Uses etc, a helpful paper Eye 16

  • choroidal haemangioma, central serous chorioretinopathy, polypoidal choroidal vasculopathy, and peripapillary choroidal neovascularisation. 

 

How is PDT given

  • Patients are asked to come to a special laser clinic
  • the vision is measured, then the pupils dilated
  • sometimes the visit is combined with a fluorescein angiogram, but sometimes the angiogram is carried out the week before
  • if the fluorescein angiogram shows the disease is still active, PDT laser is recommended (although this will change)
  • a brief medical history is taken with blood pressure, a canula is inserted into the elbow vein, like having a routine bood test
  • a little saline is injected, and then the patient is attached to a pump and the dye (porphrin) infusion
  • the dye is injected slowly over about 10 minutes, anaesthetic eye drops are given, & at the same time the doctor sets up the laser
  • immediately after the injection the patient walks over to the laser, which is given at the slit lamp
  • after a 3 minute wait
  • the laser is given over 83 seconds (it is simply  a type of bright light shone into the eye through a special contact lens, and it is focused over the area ov CNV)
  • if a large area (or the other eye) needs treatment, the laser is focused on the respective macular area for another 83 seconds
  • the patient will be transfered to the recovery room, be offred a cup of tea, blood pressure is re-recorded, and goes home 30 minutes later
  • the patients MUST BE COMPLETELY COVERED and no part of the skin exposd to sunlight for 48 hours.

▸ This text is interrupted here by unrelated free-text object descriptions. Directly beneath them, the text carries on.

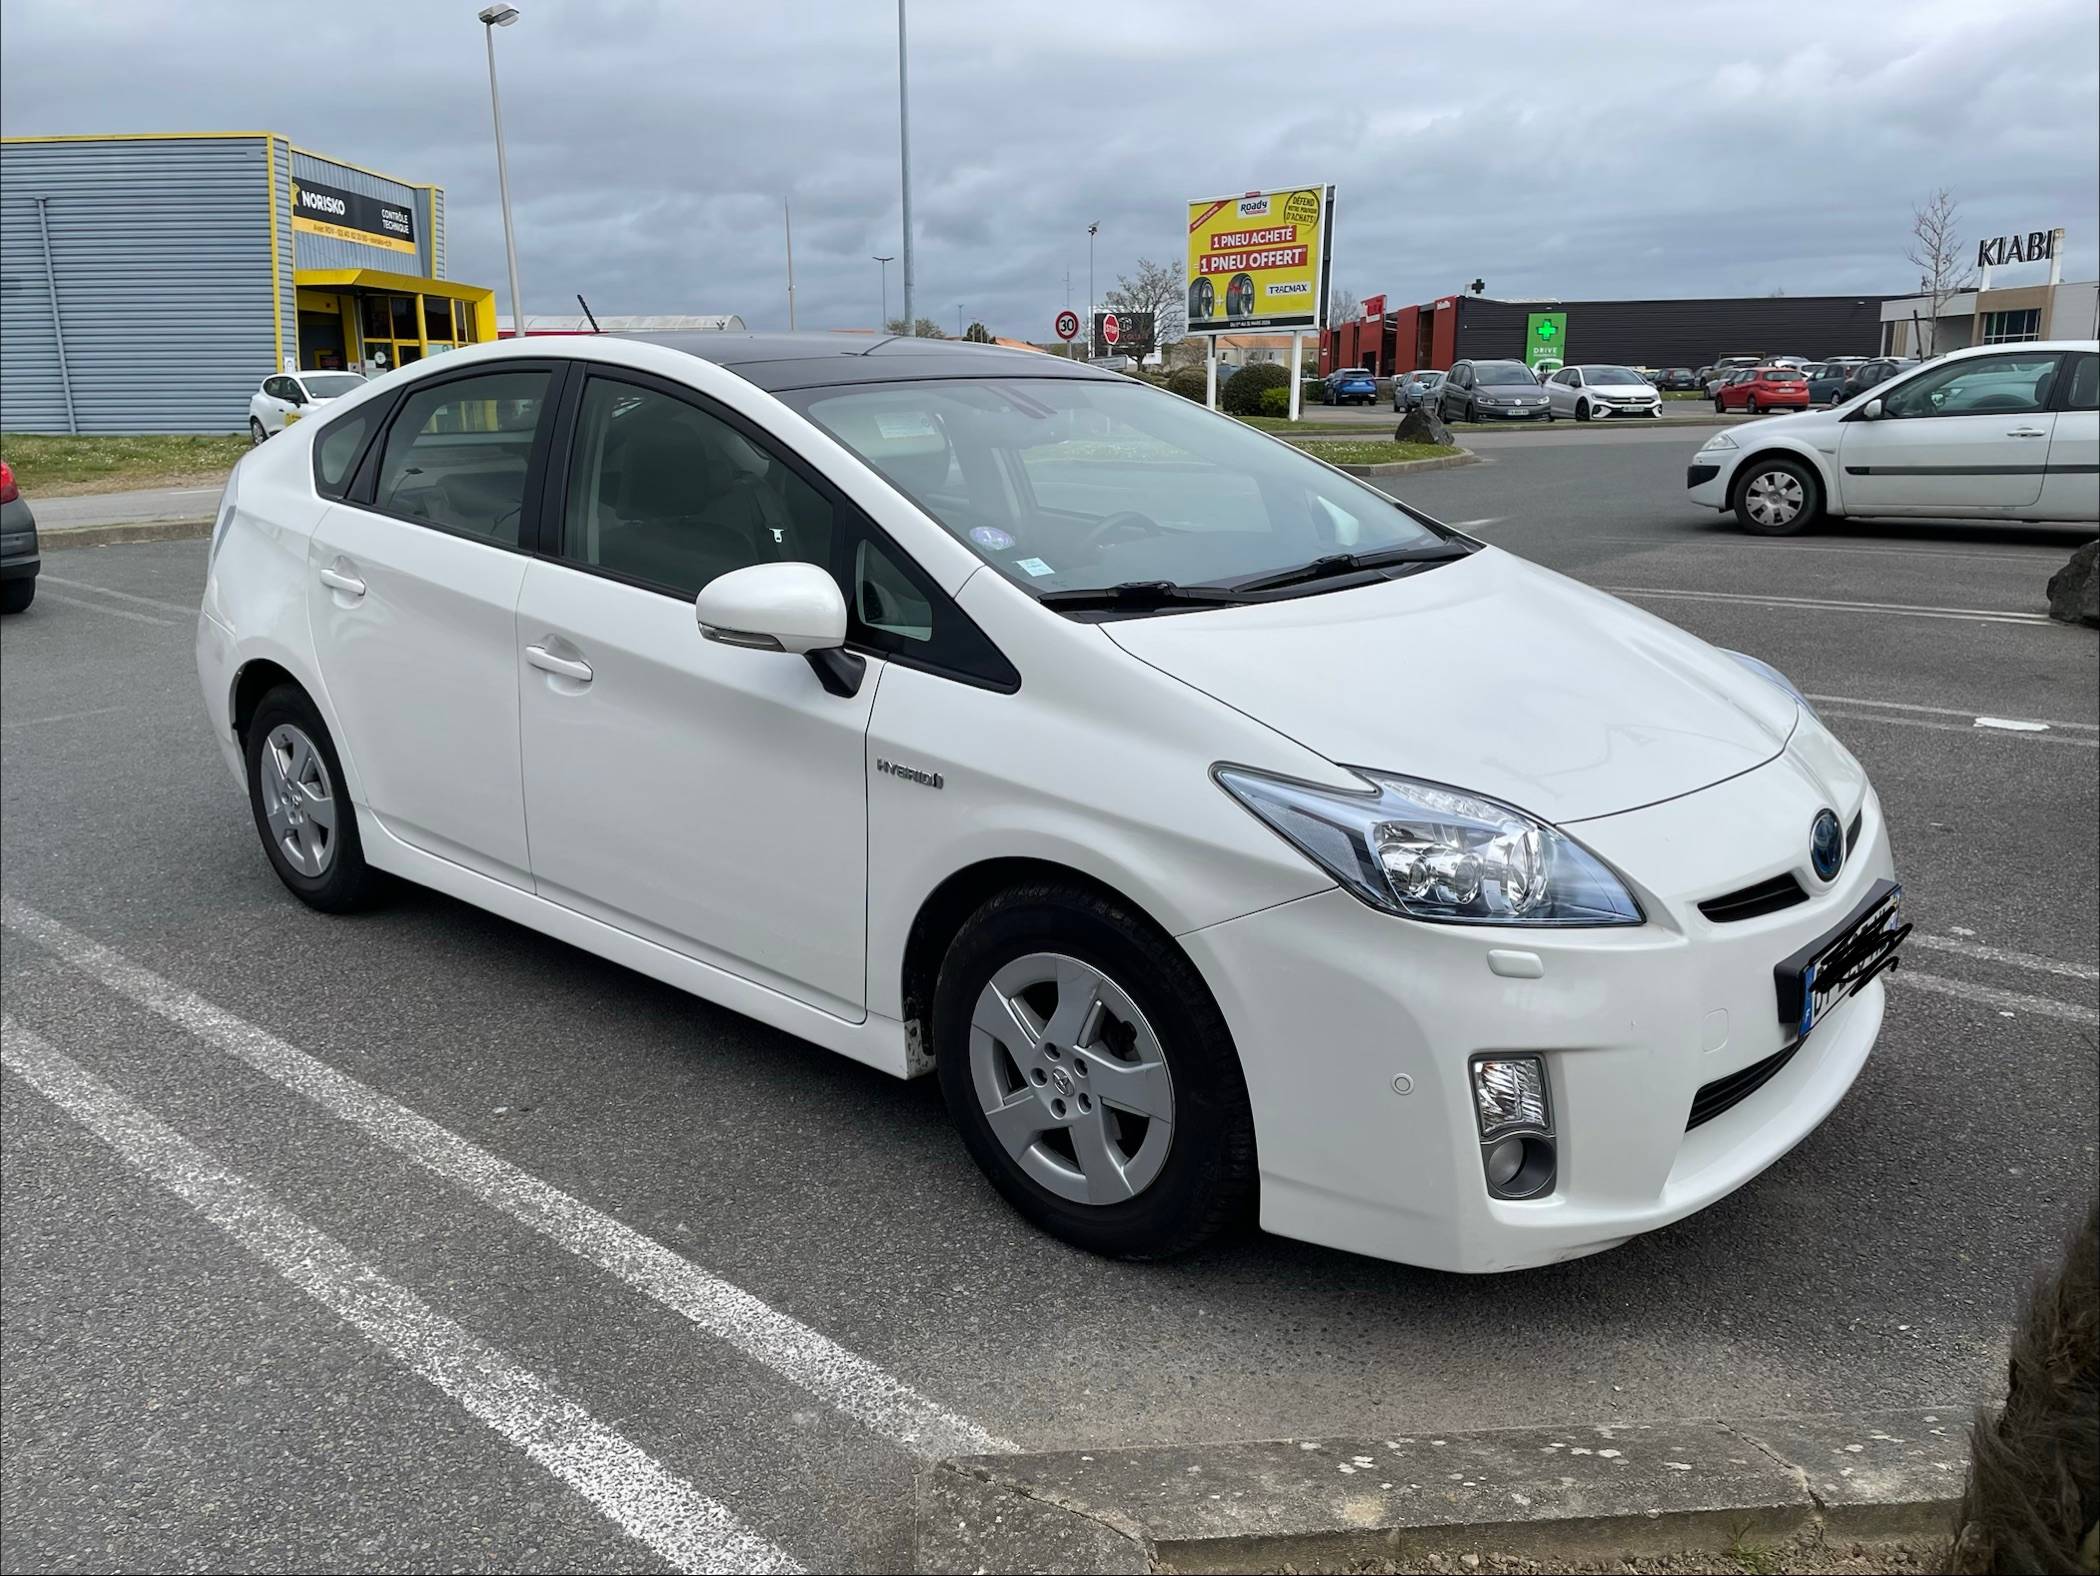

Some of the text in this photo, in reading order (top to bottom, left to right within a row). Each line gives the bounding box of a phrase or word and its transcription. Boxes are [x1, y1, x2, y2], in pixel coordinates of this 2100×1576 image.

[302, 190, 345, 215] NORISKO
[381, 208, 408, 224] CONTRÔLE
[382, 219, 409, 234] TECHNIQUE
[1213, 226, 1293, 248] 1 PNEU ACHETÉ
[1978, 230, 2054, 267] KIABI
[1200, 260, 1208, 272] 1
[1211, 255, 1246, 271] PNEU
[1269, 284, 1307, 294] TRACMAX
[1060, 318, 1074, 332] 30
[1105, 324, 1118, 334] STOP
[876, 758, 932, 787] HYBRID
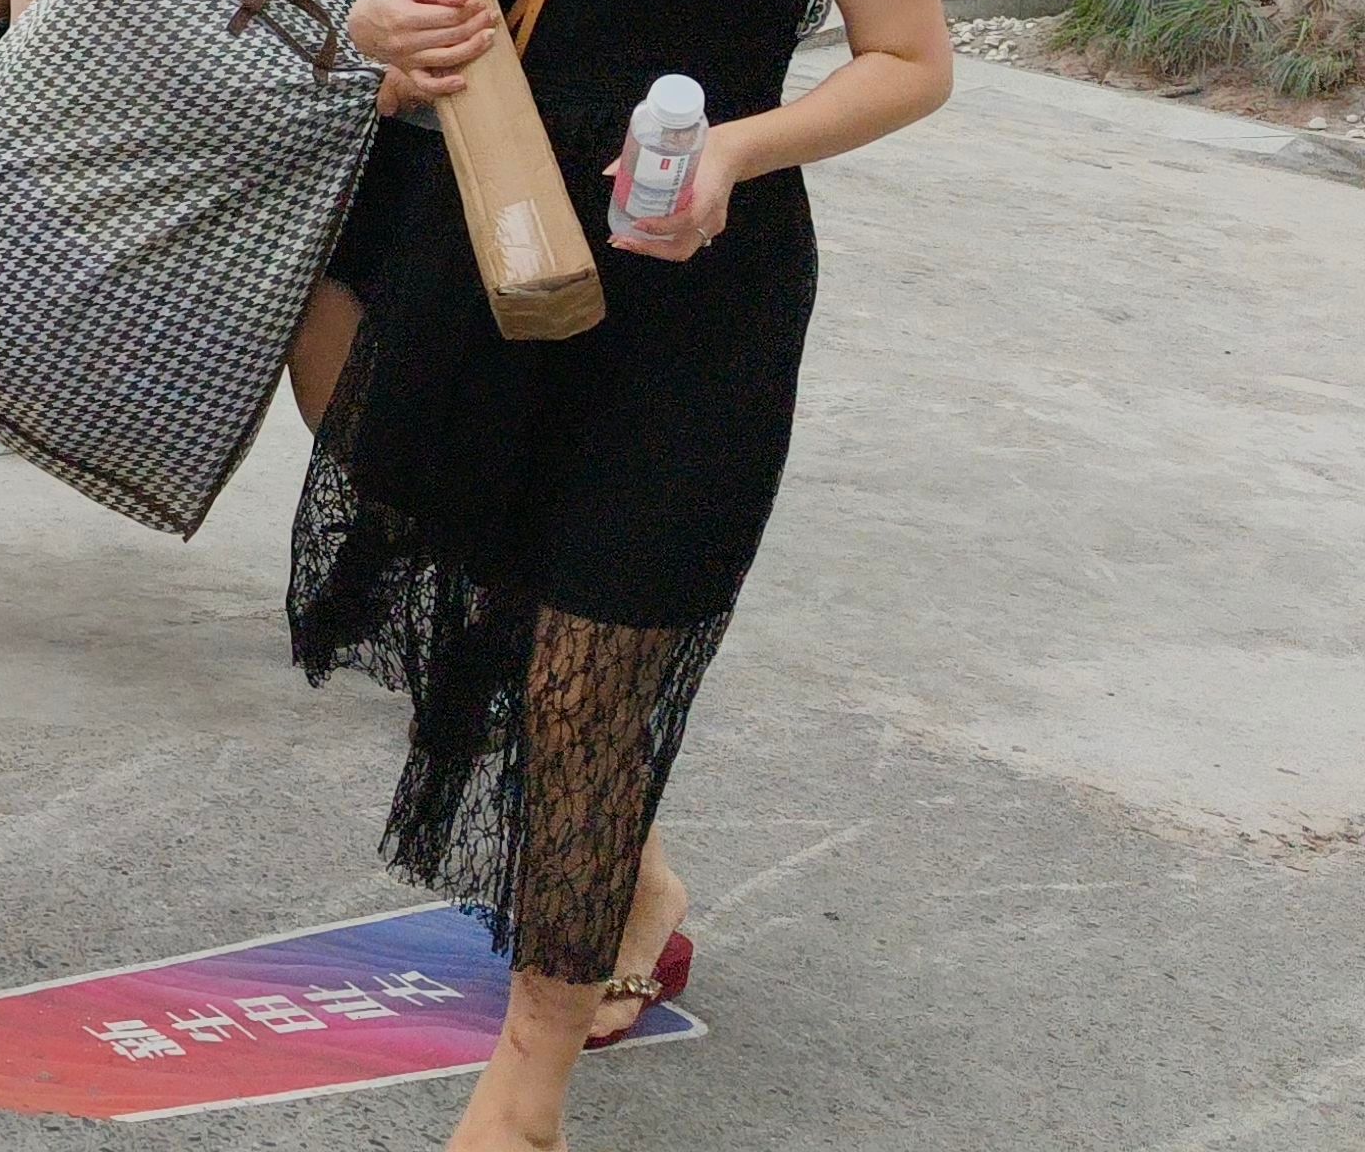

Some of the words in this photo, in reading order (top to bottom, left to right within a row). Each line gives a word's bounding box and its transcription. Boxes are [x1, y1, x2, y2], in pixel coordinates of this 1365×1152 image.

[82, 969, 465, 1062] 新生由此去
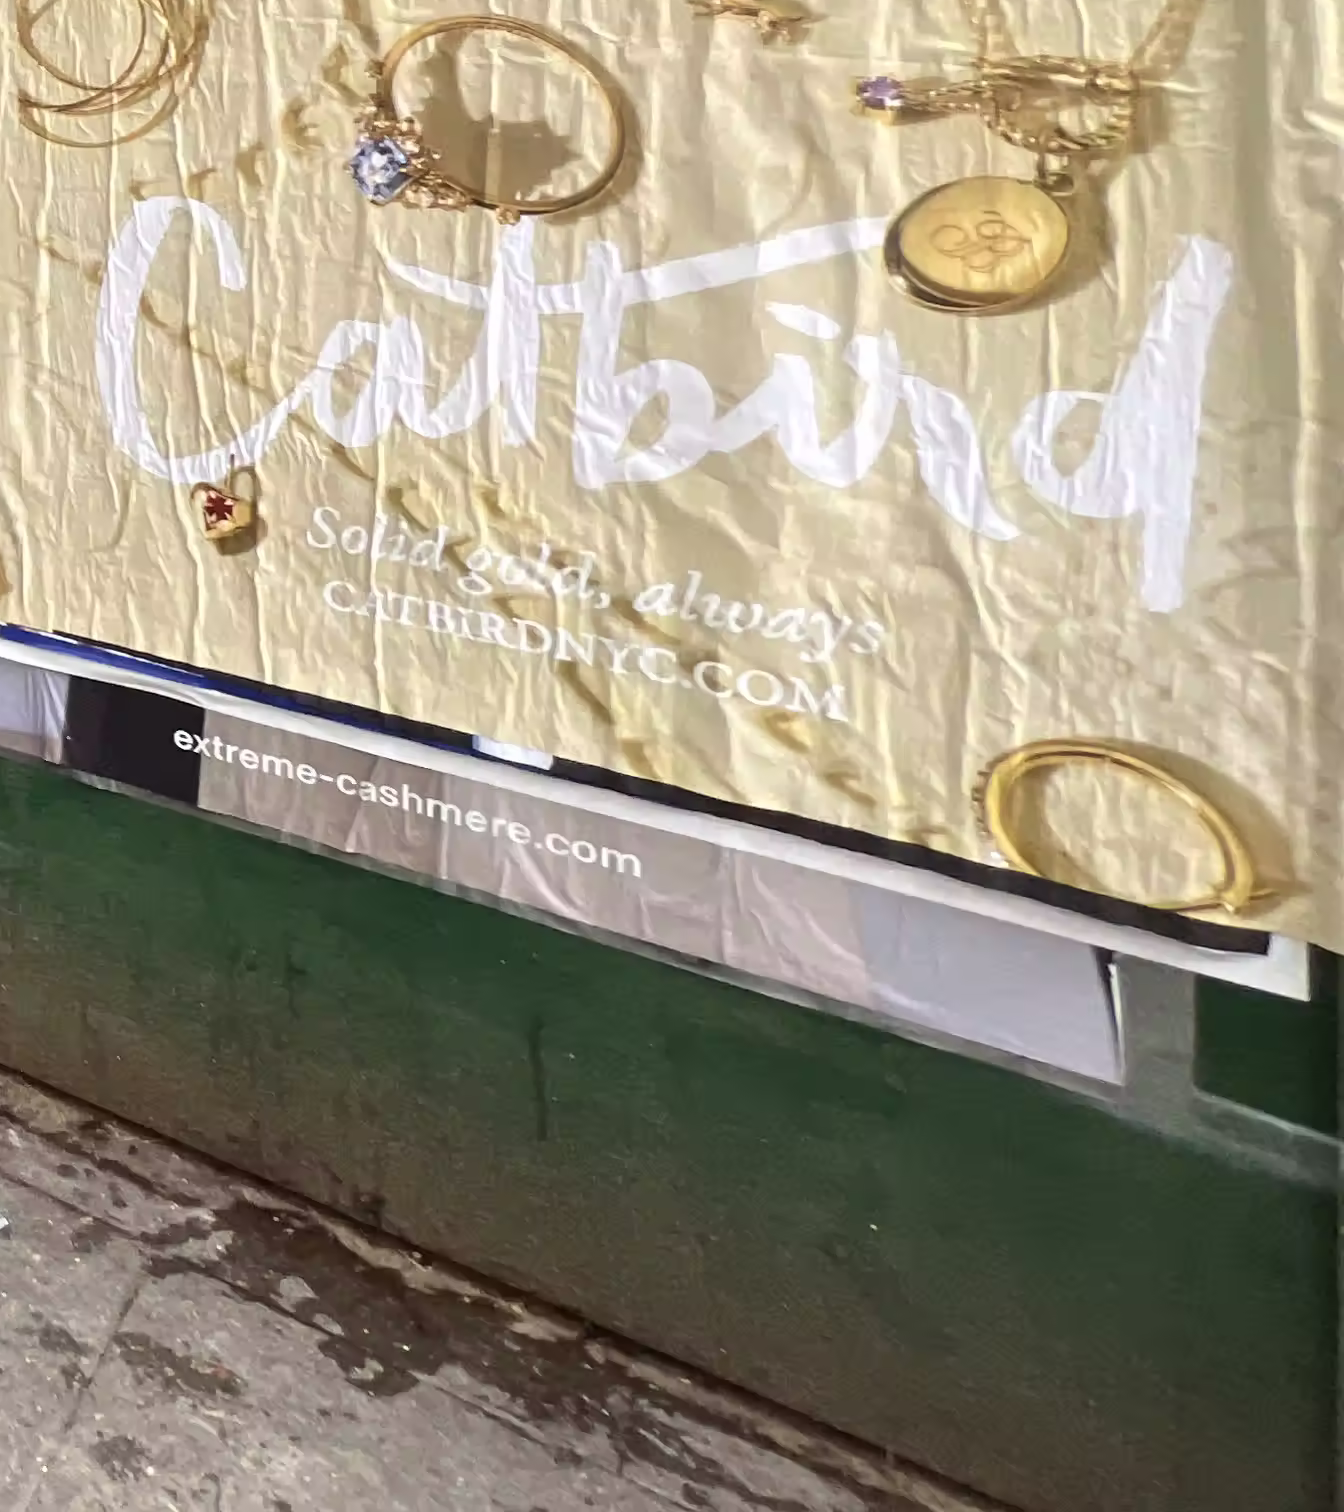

Otherwise the respective skin will be burnt by the sunlight. Public transport is not ideal if it involves walking outside, although it is fine if combined with a taxi to the station etc.
  • 1% of patients get back pain, 1% lose vision after the laser for a short time and this recovers
  • a blood pressure of less than 140/80mmHg will help to slow down the disease. A high blood pressure will encourage bleeding. Smoking will make it 4 times more likely the CNV will NOT respond to the PDT laser.
  • people having PDT using warfarin are more likely to notice macular haemorrhages. Usually the warfarin is need to prevent an even more serious medical problem, and should not usually be stopped. But a LOW BLOOD PRESSURE is likely to reduce the risk of bleeding considerably. Keep BP <140.
  • the next visit is 3 months later for re-assessment, and the procedure repeated if still active
  • 5 treatments may be needed over 15 months, the average is 3 treatments
  • occasionally the PDT activates the CNV leading to loss of more sight, and this can happen over the next few weeks.